When I saw the news reports, my mind
immediately turned to my recent trip to southern Turkey, where I went to report
on the aftermath of the devastating earthquake in February. There are more than
3.5 million Syrians in Turkey who have fled the Syrian civil war; I met dozens
of them while traveling in the country. When the earthquake hit, they, too,
faced cosmically bad luck, a double tragedy.
The earthquake was an act of God, but their
situation is man-made. These Syrians cannot return to their homeland because of
the brutal conflict there. But they cannot really go anywhere else, either,
because the Turkish government has — in exchange for 6 billion euros from the
EU — sealed its seafront to prevent anyone from heading to Europe.
The people who died in the Mexican
detention center were similarly trapped. Facing unprecedented arrivals from
South and Central America, the US has pressed Mexico to warehouse asylum
seekers, relying on a Trump-era pandemic policy that it may soon effectively
replace by restarting the practice of detaining families who try to cross the
border without authorization.
This is the morally dubious system that the
rich world has created for managing the tens of millions of people in the poor
world who have fled their homes: Stay there, but we will pay. As more and more
people seek to escape natural disasters, conflict or some cruel combination of
the two, rich countries have demonstrated that they will go to great lengths to
ensure that these displaced people stay as far as possible from their shores,
keeping them stuck in an excruciating purgatory in so-called “third countries”.
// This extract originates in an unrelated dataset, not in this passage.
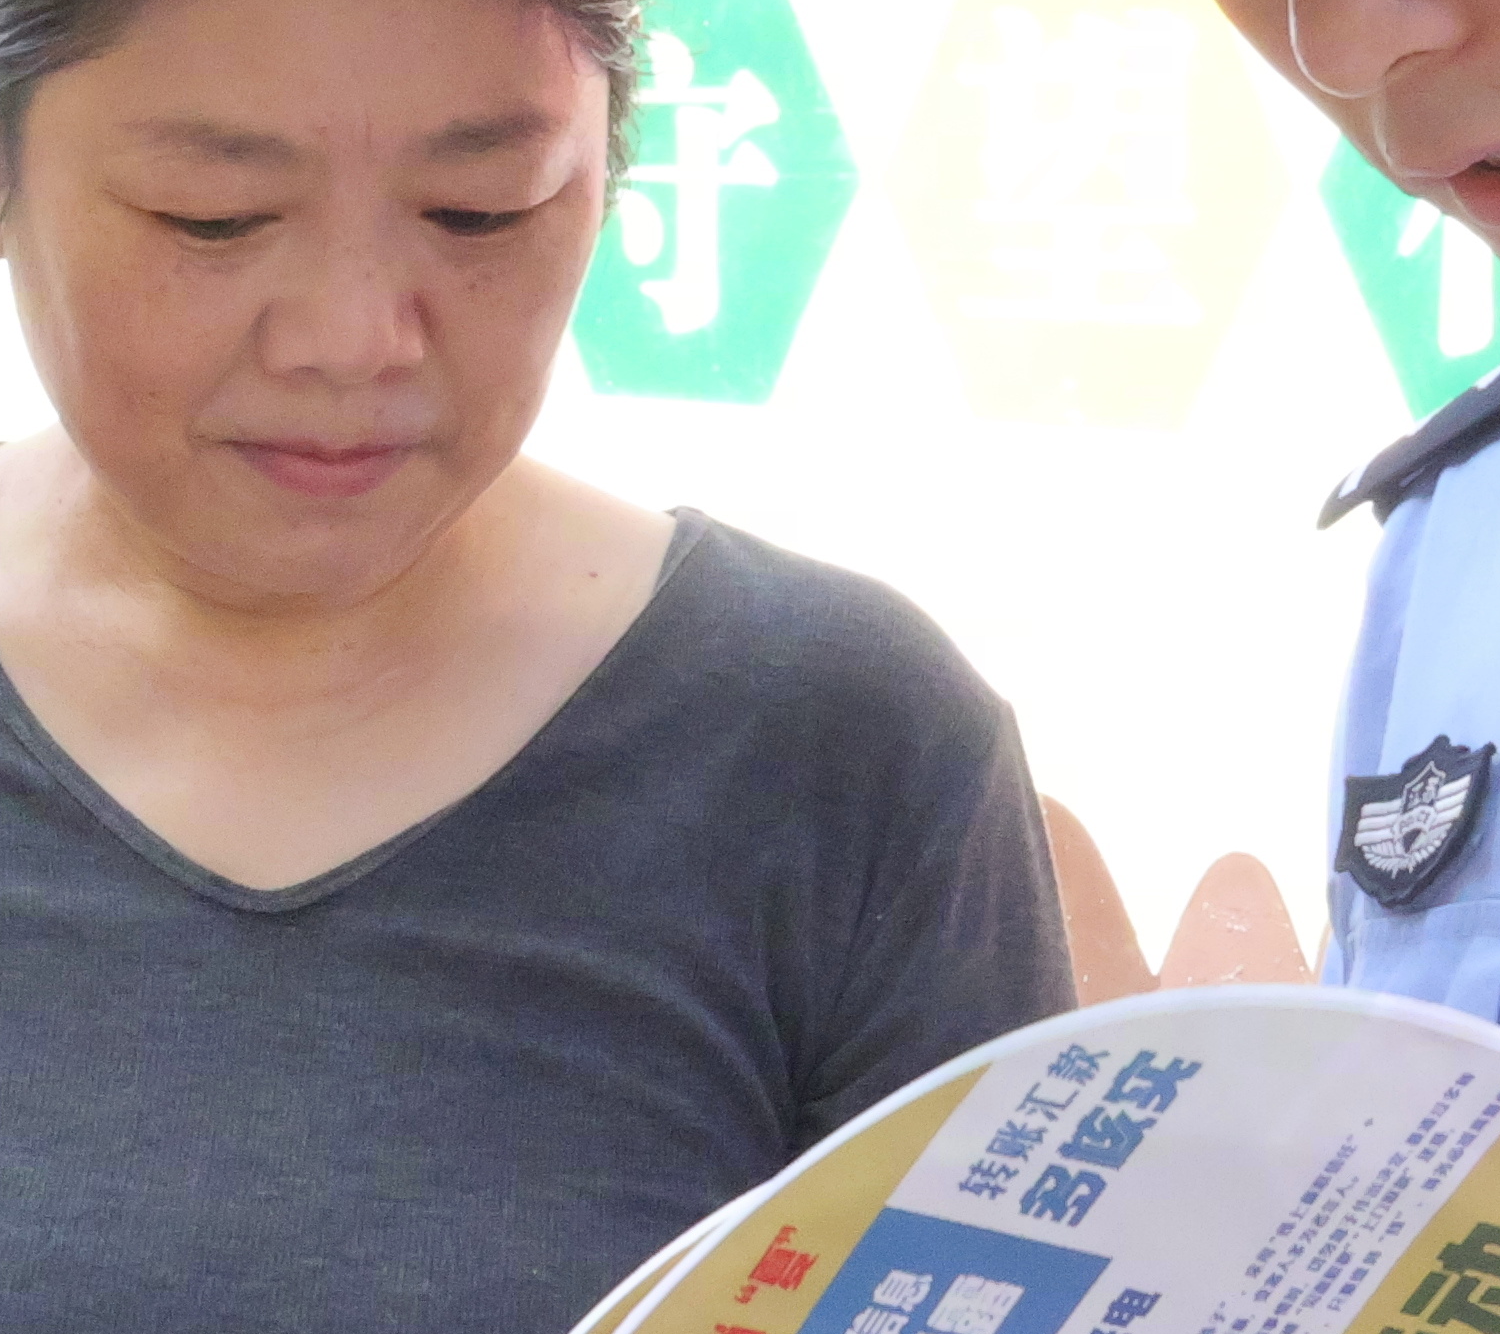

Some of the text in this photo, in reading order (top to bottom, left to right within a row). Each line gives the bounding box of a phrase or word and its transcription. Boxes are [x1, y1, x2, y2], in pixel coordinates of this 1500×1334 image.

[953, 1039, 1112, 1202] 转账汇款
[1011, 1045, 1203, 1227] 多核实
It was only a matter of time before one of
these holding pen countries found itself in crisis — an earthquake, a climate
change-induced natural disaster, a new war, or political crisis — destabilizing
the supposedly safe refuge while creating further humanitarian disasters.
Do the grand global commitments the world
made to protect defenseless people in the aftermath of World War II mean
anything anymore? The rich world has developed a shockingly high tolerance for
cruelty in order to keep out desperate people.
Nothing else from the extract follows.